___ Extracted material ___

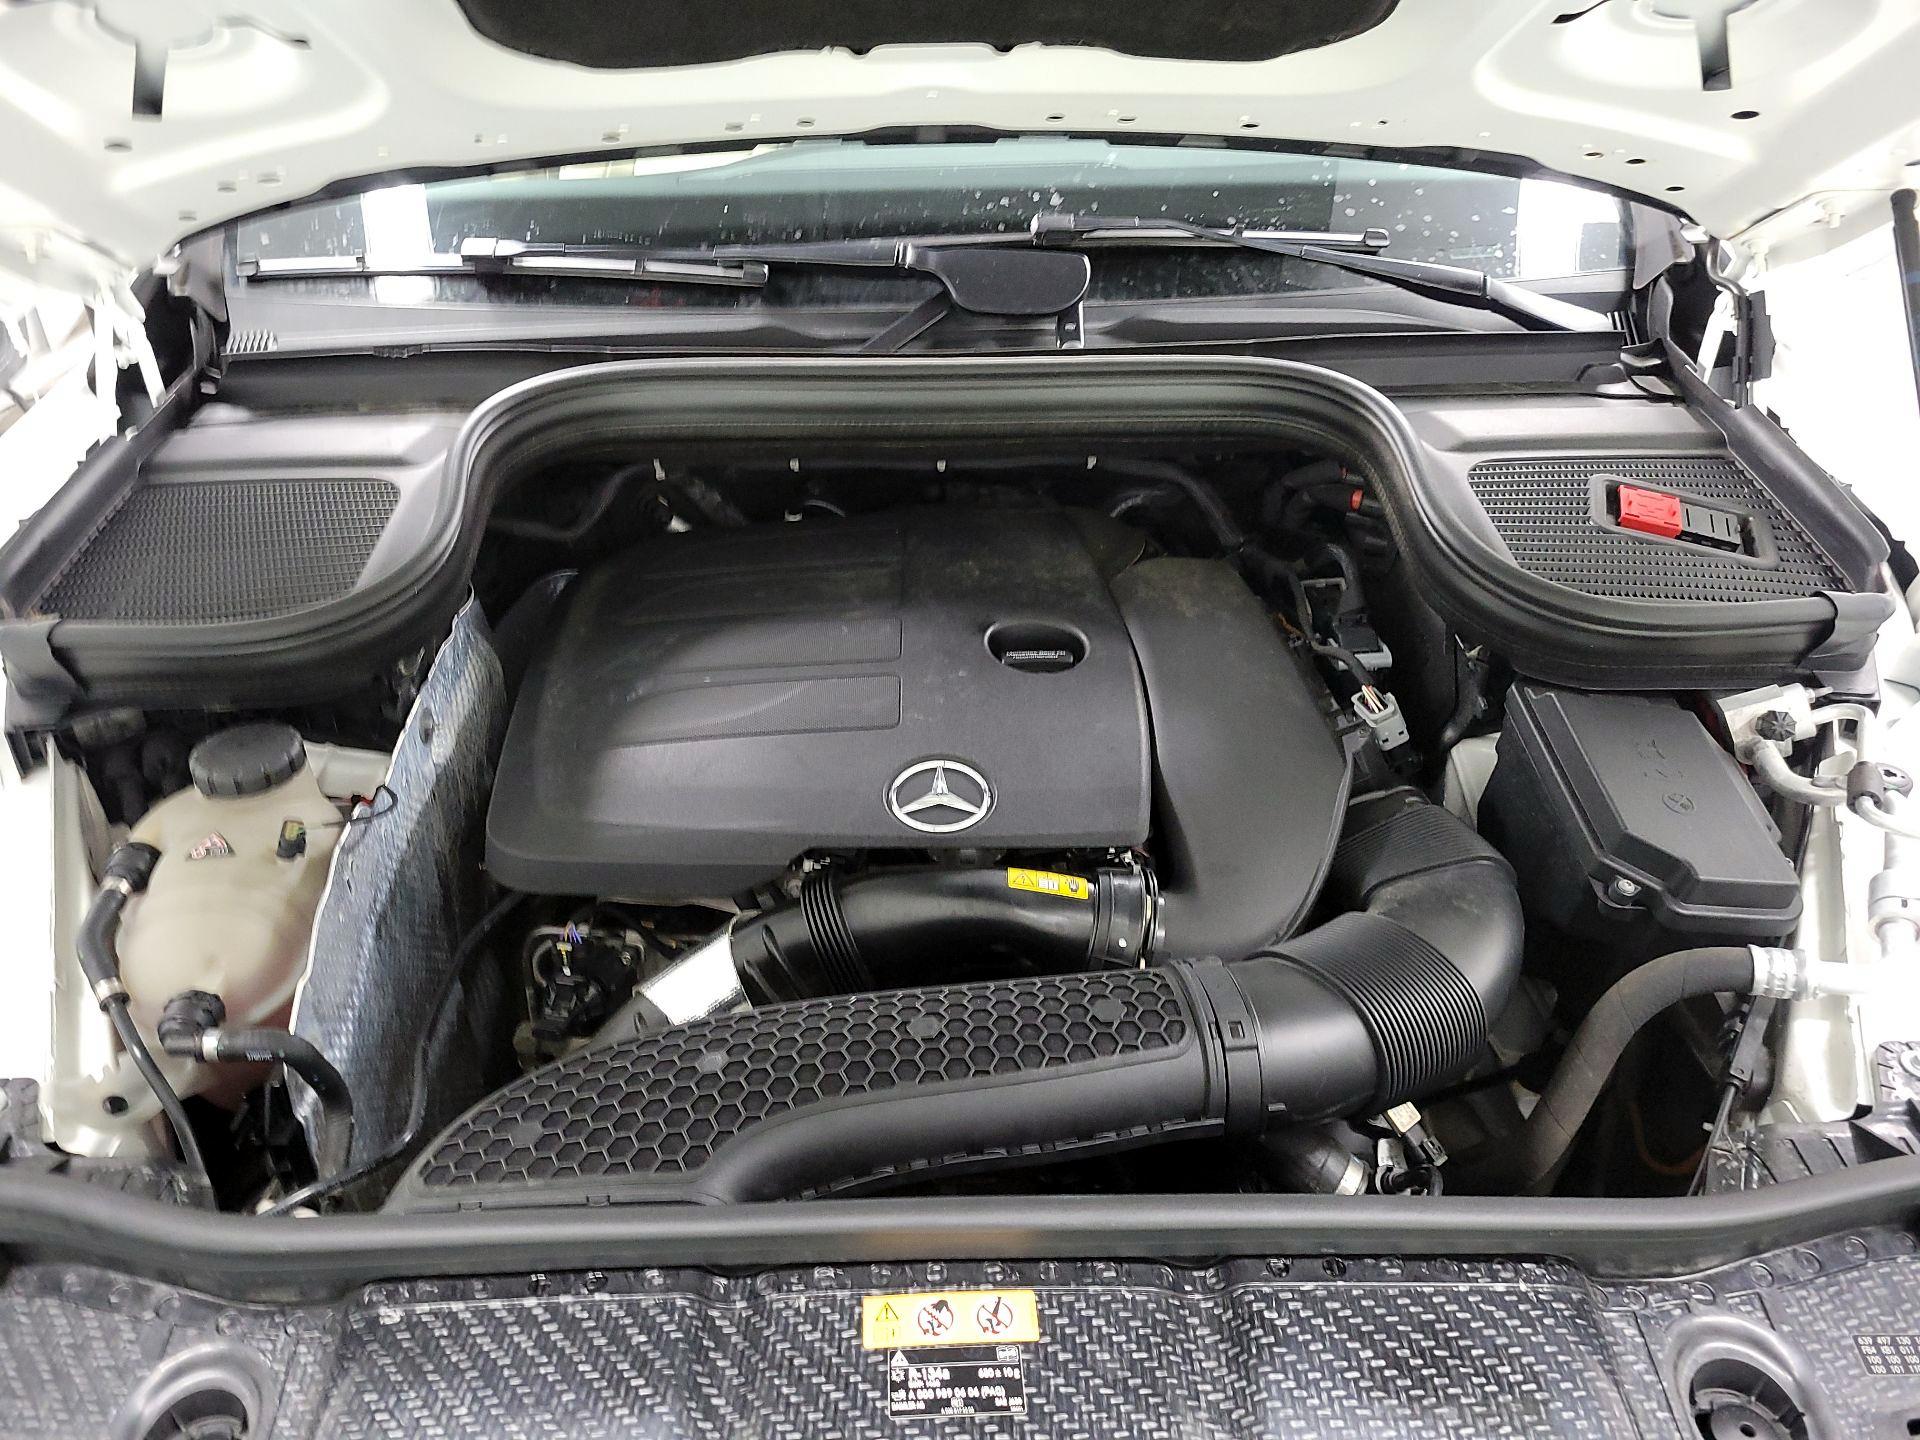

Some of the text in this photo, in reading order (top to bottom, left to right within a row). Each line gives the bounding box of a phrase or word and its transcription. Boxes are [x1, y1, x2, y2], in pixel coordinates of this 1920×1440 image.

[1866, 1355, 1919, 1364] 100 100 100
[1870, 1365, 1887, 1374] 100
[1889, 1365, 1905, 1374] 101
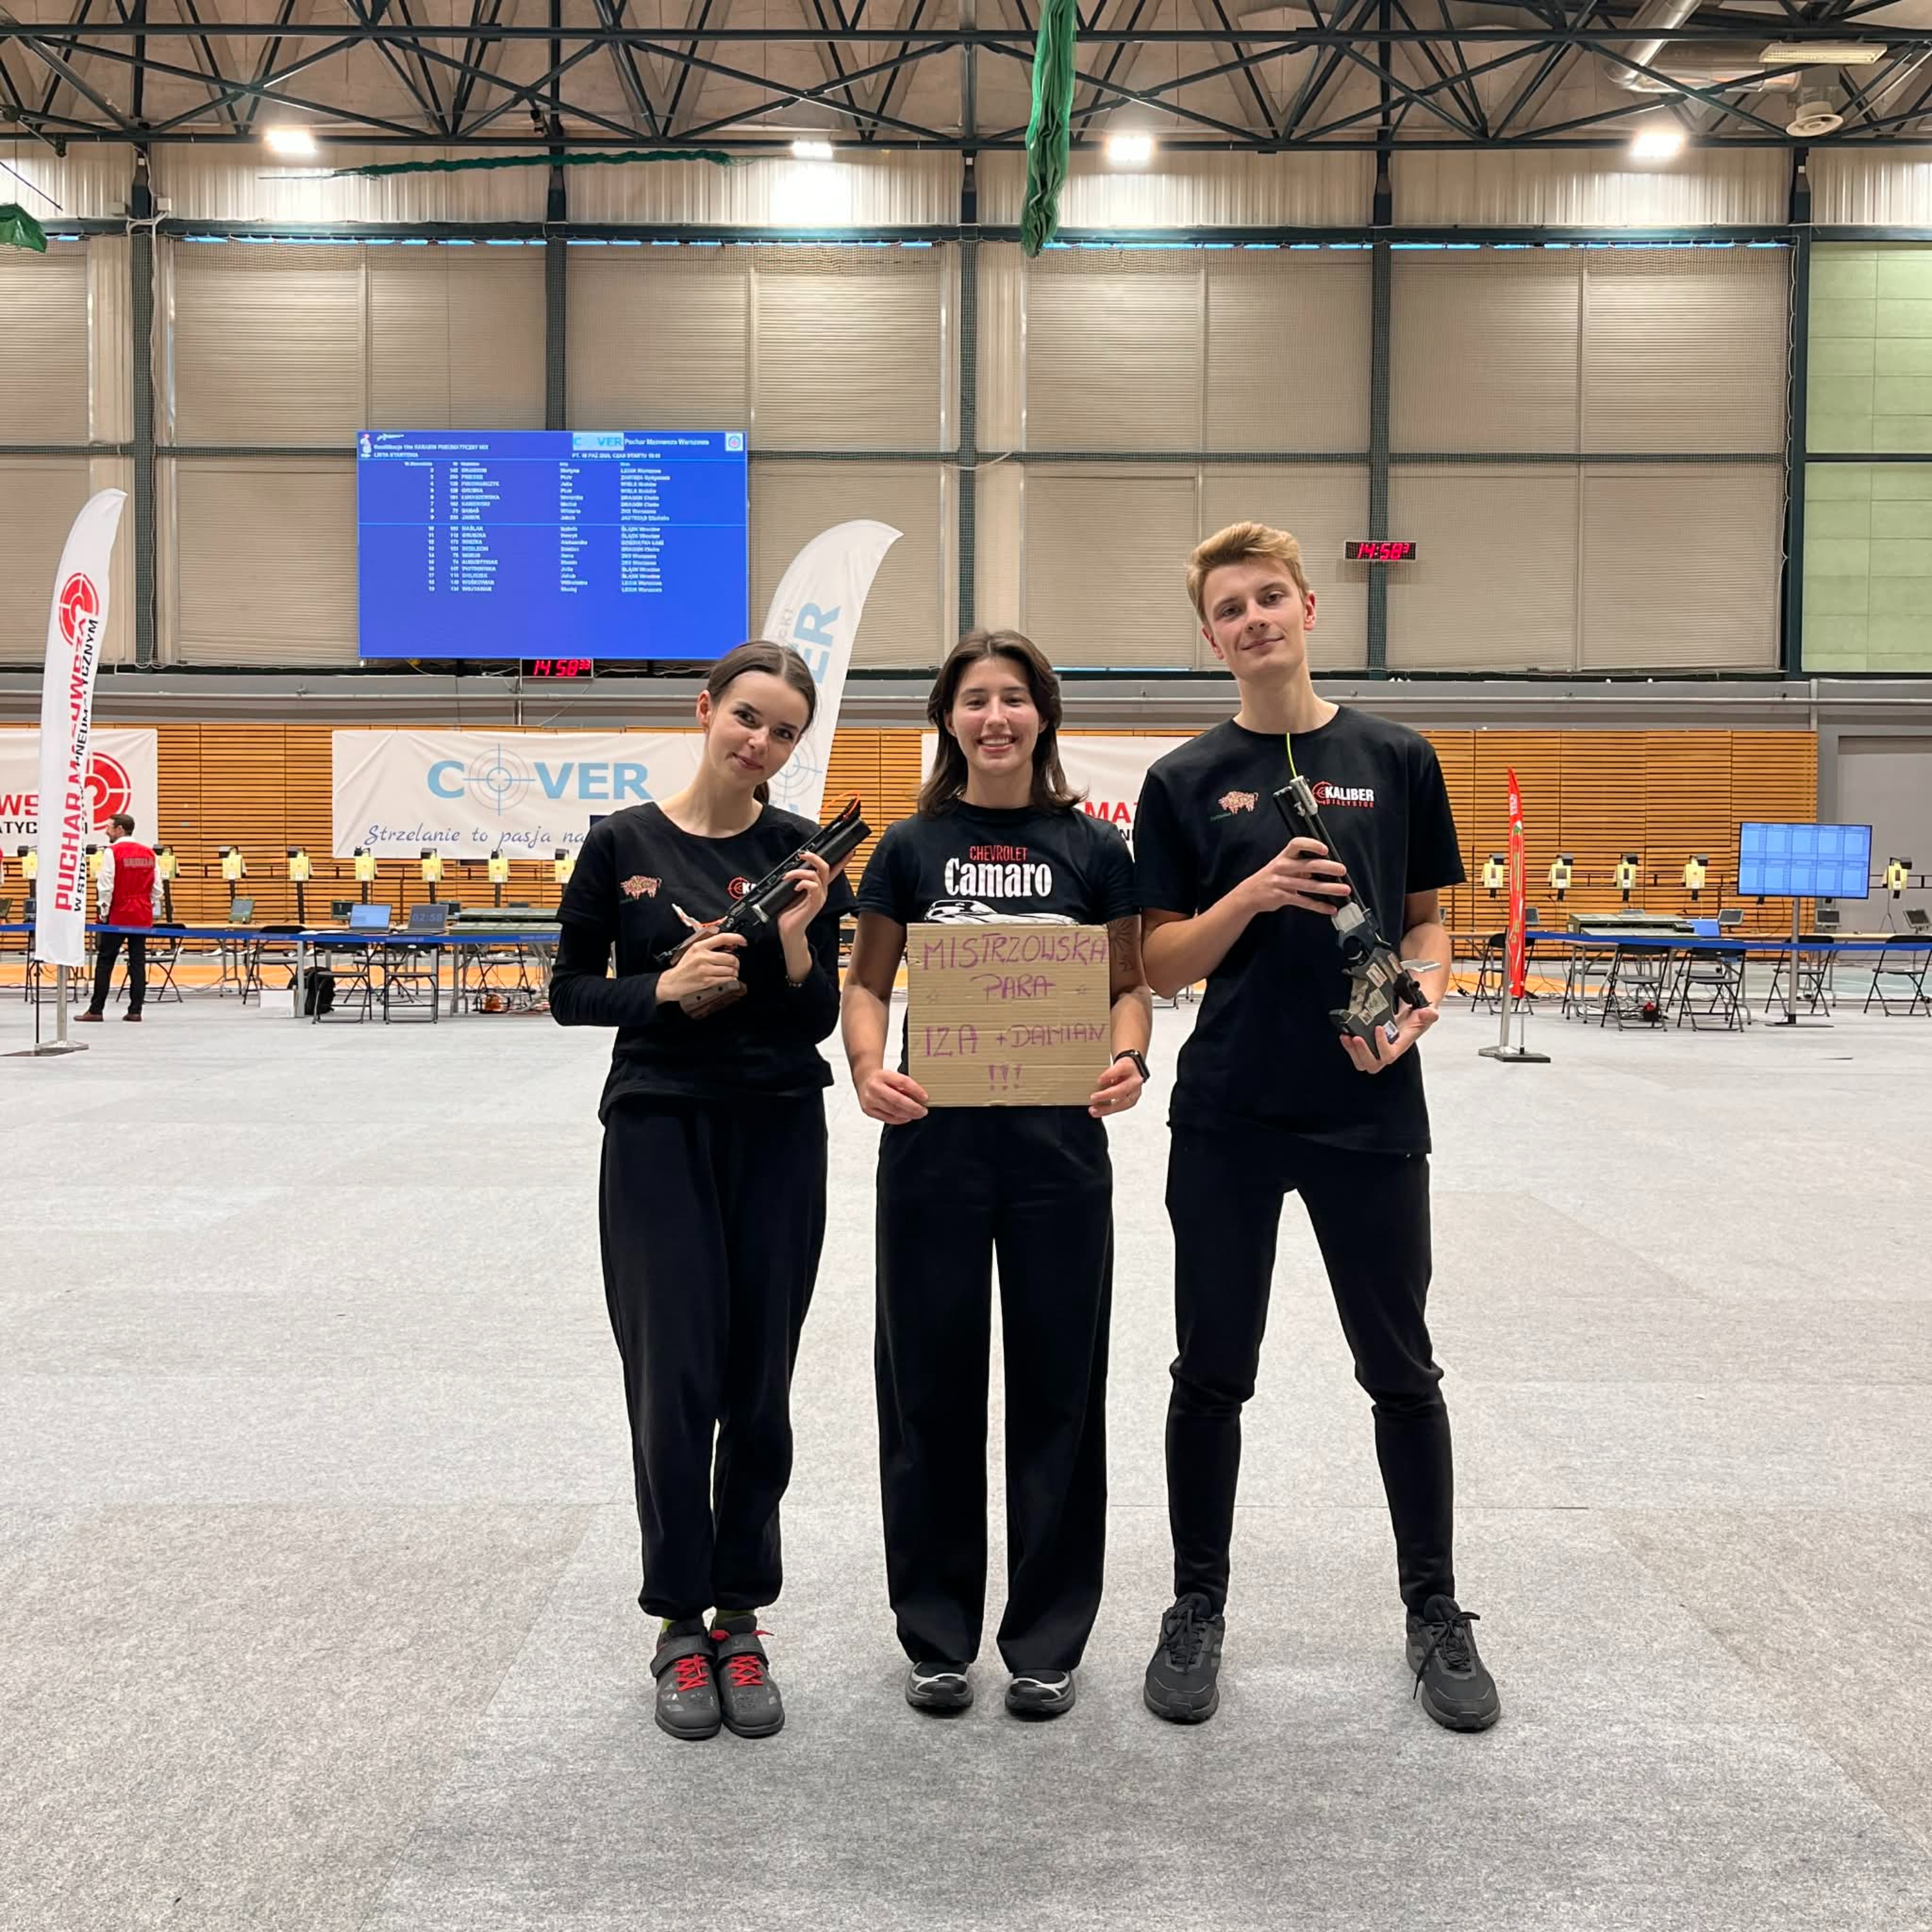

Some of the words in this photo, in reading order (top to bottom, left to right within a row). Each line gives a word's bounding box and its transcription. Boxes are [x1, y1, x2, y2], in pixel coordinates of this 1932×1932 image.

[574, 437, 622, 446] CVER
[1325, 786, 1374, 801] KALIBER
[364, 822, 460, 845] Strzelanie
[472, 828, 488, 842] to
[497, 826, 551, 849] pasja
[969, 845, 1028, 862] CHEVROLET
[944, 857, 1052, 898] Camaro
[923, 931, 1108, 971] MISTRZOWSKA
[970, 973, 1057, 1001] PARA
[923, 1024, 978, 1057] IZA

___

* Work instruction
Restate exactly each line of the data from the one bearing "Some of the words" to the end, and add nothing.

* Output for this exercise
Some of the words in this photo, in reading order (top to bottom, left to right within a row). Each line gives a word's bounding box and its transcription. Boxes are [x1, y1, x2, y2], in pixel coordinates of this 1932×1932 image.

[574, 437, 622, 446] CVER
[1325, 786, 1374, 801] KALIBER
[364, 822, 460, 845] Strzelanie
[472, 828, 488, 842] to
[497, 826, 551, 849] pasja
[969, 845, 1028, 862] CHEVROLET
[944, 857, 1052, 898] Camaro
[923, 931, 1108, 971] MISTRZOWSKA
[970, 973, 1057, 1001] PARA
[923, 1024, 978, 1057] IZA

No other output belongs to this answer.